For each line in the records, produce an exact copy.

INPUT DATA Start Marker

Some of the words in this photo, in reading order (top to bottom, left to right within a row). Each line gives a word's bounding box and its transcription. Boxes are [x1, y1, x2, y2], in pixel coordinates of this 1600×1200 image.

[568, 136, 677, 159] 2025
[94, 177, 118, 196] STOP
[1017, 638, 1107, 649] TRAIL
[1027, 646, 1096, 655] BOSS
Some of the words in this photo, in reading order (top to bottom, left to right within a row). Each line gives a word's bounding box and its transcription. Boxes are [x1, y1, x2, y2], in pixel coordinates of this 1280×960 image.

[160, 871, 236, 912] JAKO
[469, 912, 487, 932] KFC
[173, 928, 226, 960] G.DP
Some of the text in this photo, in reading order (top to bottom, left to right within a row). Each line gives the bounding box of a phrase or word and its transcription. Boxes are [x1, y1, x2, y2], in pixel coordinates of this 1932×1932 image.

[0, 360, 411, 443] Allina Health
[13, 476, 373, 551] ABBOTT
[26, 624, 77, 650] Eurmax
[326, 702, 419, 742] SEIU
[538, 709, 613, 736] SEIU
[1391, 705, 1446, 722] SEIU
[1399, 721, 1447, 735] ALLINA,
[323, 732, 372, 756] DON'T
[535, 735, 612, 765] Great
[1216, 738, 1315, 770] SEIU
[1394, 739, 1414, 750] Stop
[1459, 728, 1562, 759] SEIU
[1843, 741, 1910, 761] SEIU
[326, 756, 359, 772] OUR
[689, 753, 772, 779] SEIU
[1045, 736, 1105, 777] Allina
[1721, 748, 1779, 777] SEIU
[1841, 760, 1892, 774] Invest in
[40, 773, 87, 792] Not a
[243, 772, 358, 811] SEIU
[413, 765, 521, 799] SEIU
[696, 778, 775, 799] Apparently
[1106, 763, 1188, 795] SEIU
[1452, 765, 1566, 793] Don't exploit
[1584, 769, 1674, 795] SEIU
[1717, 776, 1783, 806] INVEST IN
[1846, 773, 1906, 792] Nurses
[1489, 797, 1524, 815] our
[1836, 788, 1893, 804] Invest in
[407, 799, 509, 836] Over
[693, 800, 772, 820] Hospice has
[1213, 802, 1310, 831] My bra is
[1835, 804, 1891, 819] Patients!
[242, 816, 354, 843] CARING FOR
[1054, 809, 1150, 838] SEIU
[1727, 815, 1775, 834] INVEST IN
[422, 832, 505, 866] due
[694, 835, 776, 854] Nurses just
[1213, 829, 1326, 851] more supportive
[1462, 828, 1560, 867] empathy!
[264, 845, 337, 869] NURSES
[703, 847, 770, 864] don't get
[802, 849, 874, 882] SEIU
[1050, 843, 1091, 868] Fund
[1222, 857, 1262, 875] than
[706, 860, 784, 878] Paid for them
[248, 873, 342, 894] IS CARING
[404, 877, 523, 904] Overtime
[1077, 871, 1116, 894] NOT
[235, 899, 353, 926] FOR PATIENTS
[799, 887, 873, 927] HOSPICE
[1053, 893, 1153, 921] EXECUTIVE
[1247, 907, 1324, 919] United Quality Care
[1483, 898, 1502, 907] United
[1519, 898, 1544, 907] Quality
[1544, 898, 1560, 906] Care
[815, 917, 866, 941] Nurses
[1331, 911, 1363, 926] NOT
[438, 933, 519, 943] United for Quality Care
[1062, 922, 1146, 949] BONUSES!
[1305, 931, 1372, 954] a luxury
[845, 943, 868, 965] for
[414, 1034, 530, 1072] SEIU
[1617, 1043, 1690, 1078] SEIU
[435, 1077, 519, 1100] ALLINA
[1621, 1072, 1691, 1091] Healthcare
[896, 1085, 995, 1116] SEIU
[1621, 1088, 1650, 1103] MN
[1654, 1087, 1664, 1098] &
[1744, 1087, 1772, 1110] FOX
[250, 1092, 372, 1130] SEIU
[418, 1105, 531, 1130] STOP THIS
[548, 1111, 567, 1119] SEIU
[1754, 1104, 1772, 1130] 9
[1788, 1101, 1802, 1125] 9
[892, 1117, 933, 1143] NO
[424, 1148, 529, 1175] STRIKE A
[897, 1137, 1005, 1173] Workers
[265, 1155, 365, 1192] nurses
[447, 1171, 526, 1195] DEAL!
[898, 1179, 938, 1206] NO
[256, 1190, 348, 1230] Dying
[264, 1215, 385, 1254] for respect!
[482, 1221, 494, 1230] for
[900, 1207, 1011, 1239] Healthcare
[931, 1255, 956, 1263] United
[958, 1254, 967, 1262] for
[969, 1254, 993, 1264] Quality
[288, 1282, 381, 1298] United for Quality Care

INPUT DATA End Marker

(REPLY TO THE EXERCISE)
Some of the words in this photo, in reading order (top to bottom, left to right within a row). Each line gives a word's bounding box and its transcription. Boxes are [x1, y1, x2, y2], in pixel coordinates of this 1600×1200 image.

[568, 136, 677, 159] 2025
[94, 177, 118, 196] STOP
[1017, 638, 1107, 649] TRAIL
[1027, 646, 1096, 655] BOSS
Some of the words in this photo, in reading order (top to bottom, left to right within a row). Each line gives a word's bounding box and its transcription. Boxes are [x1, y1, x2, y2], in pixel coordinates of this 1280×960 image.

[160, 871, 236, 912] JAKO
[469, 912, 487, 932] KFC
[173, 928, 226, 960] G.DP
Some of the text in this photo, in reading order (top to bottom, left to right within a row). Each line gives the bounding box of a phrase or word and its transcription. Boxes are [x1, y1, x2, y2], in pixel coordinates of this 1932×1932 image.

[0, 360, 411, 443] Allina Health
[13, 476, 373, 551] ABBOTT
[26, 624, 77, 650] Eurmax
[326, 702, 419, 742] SEIU
[538, 709, 613, 736] SEIU
[1391, 705, 1446, 722] SEIU
[1399, 721, 1447, 735] ALLINA,
[323, 732, 372, 756] DON'T
[535, 735, 612, 765] Great
[1216, 738, 1315, 770] SEIU
[1394, 739, 1414, 750] Stop
[1459, 728, 1562, 759] SEIU
[1843, 741, 1910, 761] SEIU
[326, 756, 359, 772] OUR
[689, 753, 772, 779] SEIU
[1045, 736, 1105, 777] Allina
[1721, 748, 1779, 777] SEIU
[1841, 760, 1892, 774] Invest in
[40, 773, 87, 792] Not a
[243, 772, 358, 811] SEIU
[413, 765, 521, 799] SEIU
[696, 778, 775, 799] Apparently
[1106, 763, 1188, 795] SEIU
[1452, 765, 1566, 793] Don't exploit
[1584, 769, 1674, 795] SEIU
[1717, 776, 1783, 806] INVEST IN
[1846, 773, 1906, 792] Nurses
[1489, 797, 1524, 815] our
[1836, 788, 1893, 804] Invest in
[407, 799, 509, 836] Over
[693, 800, 772, 820] Hospice has
[1213, 802, 1310, 831] My bra is
[1835, 804, 1891, 819] Patients!
[242, 816, 354, 843] CARING FOR
[1054, 809, 1150, 838] SEIU
[1727, 815, 1775, 834] INVEST IN
[422, 832, 505, 866] due
[694, 835, 776, 854] Nurses just
[1213, 829, 1326, 851] more supportive
[1462, 828, 1560, 867] empathy!
[264, 845, 337, 869] NURSES
[703, 847, 770, 864] don't get
[802, 849, 874, 882] SEIU
[1050, 843, 1091, 868] Fund
[1222, 857, 1262, 875] than
[706, 860, 784, 878] Paid for them
[248, 873, 342, 894] IS CARING
[404, 877, 523, 904] Overtime
[1077, 871, 1116, 894] NOT
[235, 899, 353, 926] FOR PATIENTS
[799, 887, 873, 927] HOSPICE
[1053, 893, 1153, 921] EXECUTIVE
[1247, 907, 1324, 919] United Quality Care
[1483, 898, 1502, 907] United
[1519, 898, 1544, 907] Quality
[1544, 898, 1560, 906] Care
[815, 917, 866, 941] Nurses
[1331, 911, 1363, 926] NOT
[438, 933, 519, 943] United for Quality Care
[1062, 922, 1146, 949] BONUSES!
[1305, 931, 1372, 954] a luxury
[845, 943, 868, 965] for
[414, 1034, 530, 1072] SEIU
[1617, 1043, 1690, 1078] SEIU
[435, 1077, 519, 1100] ALLINA
[1621, 1072, 1691, 1091] Healthcare
[896, 1085, 995, 1116] SEIU
[1621, 1088, 1650, 1103] MN
[1654, 1087, 1664, 1098] &
[1744, 1087, 1772, 1110] FOX
[250, 1092, 372, 1130] SEIU
[418, 1105, 531, 1130] STOP THIS
[548, 1111, 567, 1119] SEIU
[1754, 1104, 1772, 1130] 9
[1788, 1101, 1802, 1125] 9
[892, 1117, 933, 1143] NO
[424, 1148, 529, 1175] STRIKE A
[897, 1137, 1005, 1173] Workers
[265, 1155, 365, 1192] nurses
[447, 1171, 526, 1195] DEAL!
[898, 1179, 938, 1206] NO
[256, 1190, 348, 1230] Dying
[264, 1215, 385, 1254] for respect!
[482, 1221, 494, 1230] for
[900, 1207, 1011, 1239] Healthcare
[931, 1255, 956, 1263] United
[958, 1254, 967, 1262] for
[969, 1254, 993, 1264] Quality
[288, 1282, 381, 1298] United for Quality Care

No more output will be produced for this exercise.